WHAT IS EXPECTED: Give back the full listing, character for character, with no pictures.

INFORMATION GIVEN:
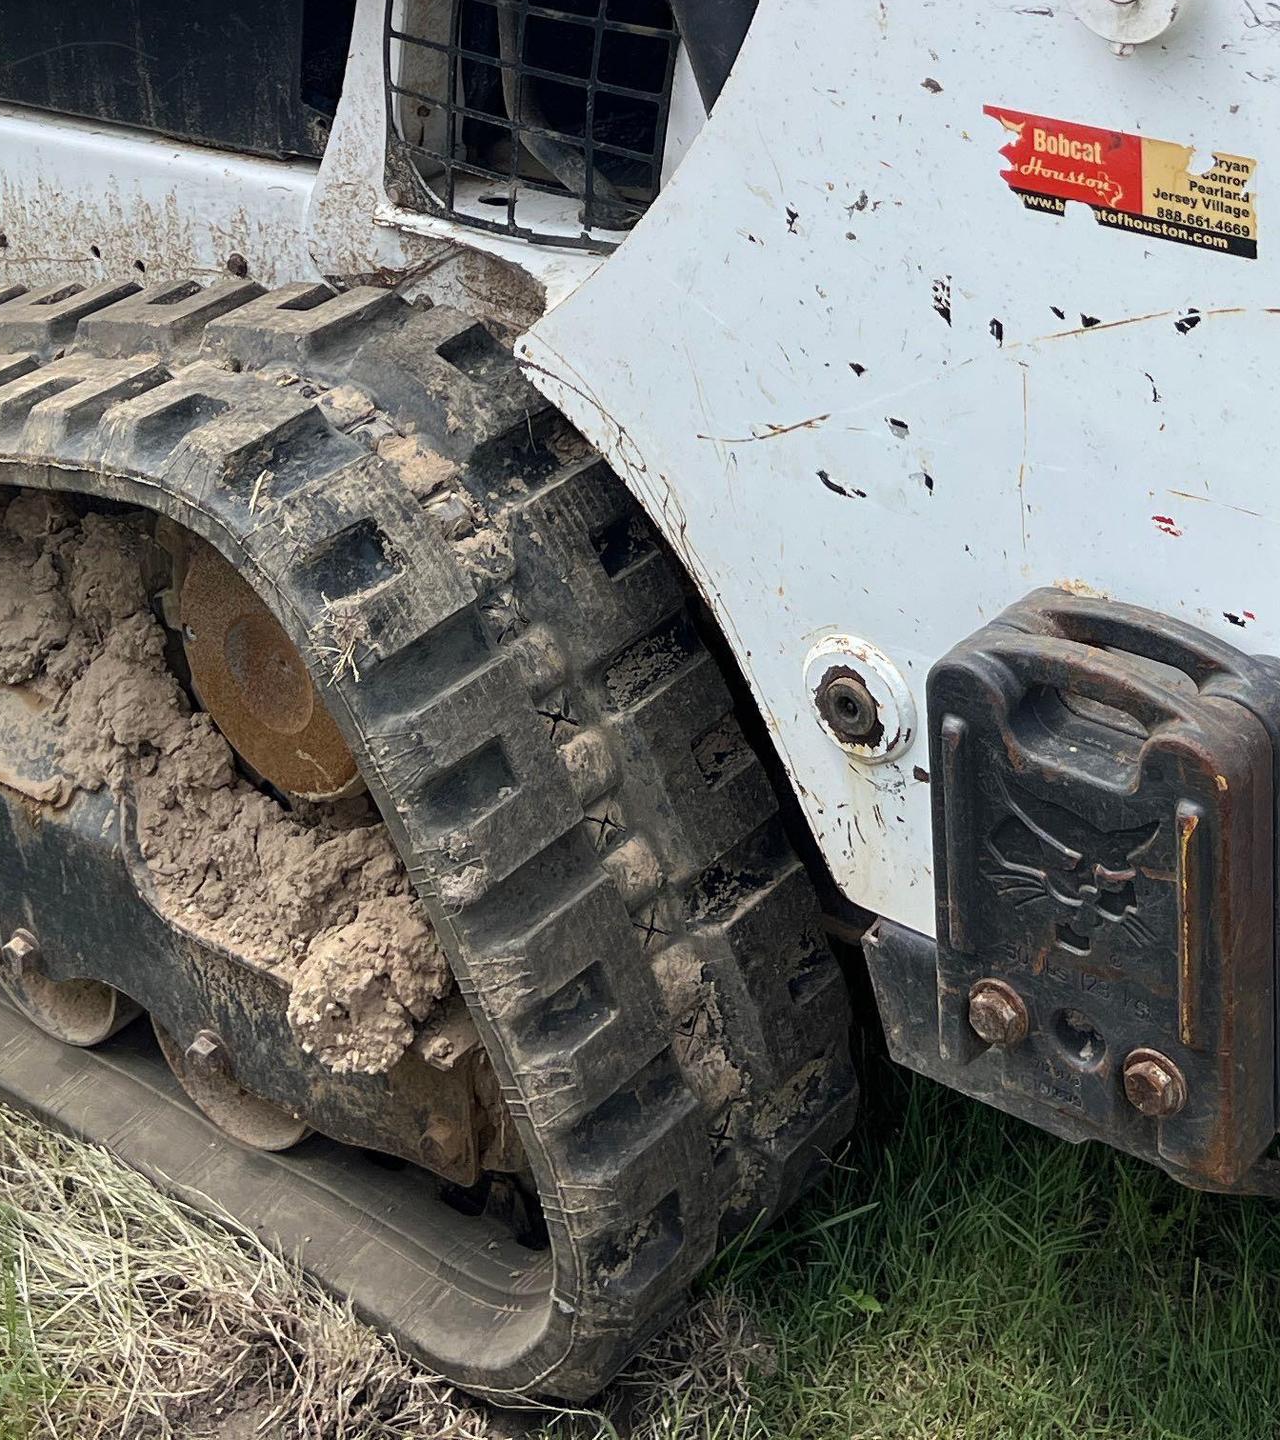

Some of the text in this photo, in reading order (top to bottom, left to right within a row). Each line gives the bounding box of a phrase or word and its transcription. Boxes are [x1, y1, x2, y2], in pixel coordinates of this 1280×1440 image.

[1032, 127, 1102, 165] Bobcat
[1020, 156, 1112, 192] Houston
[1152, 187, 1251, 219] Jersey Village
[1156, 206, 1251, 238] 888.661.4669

TASK ANSWER:
Some of the text in this photo, in reading order (top to bottom, left to right within a row). Each line gives the bounding box of a phrase or word and its transcription. Boxes are [x1, y1, x2, y2], in pixel coordinates of this 1280×1440 image.

[1032, 127, 1102, 165] Bobcat
[1020, 156, 1112, 192] Houston
[1152, 187, 1251, 219] Jersey Village
[1156, 206, 1251, 238] 888.661.4669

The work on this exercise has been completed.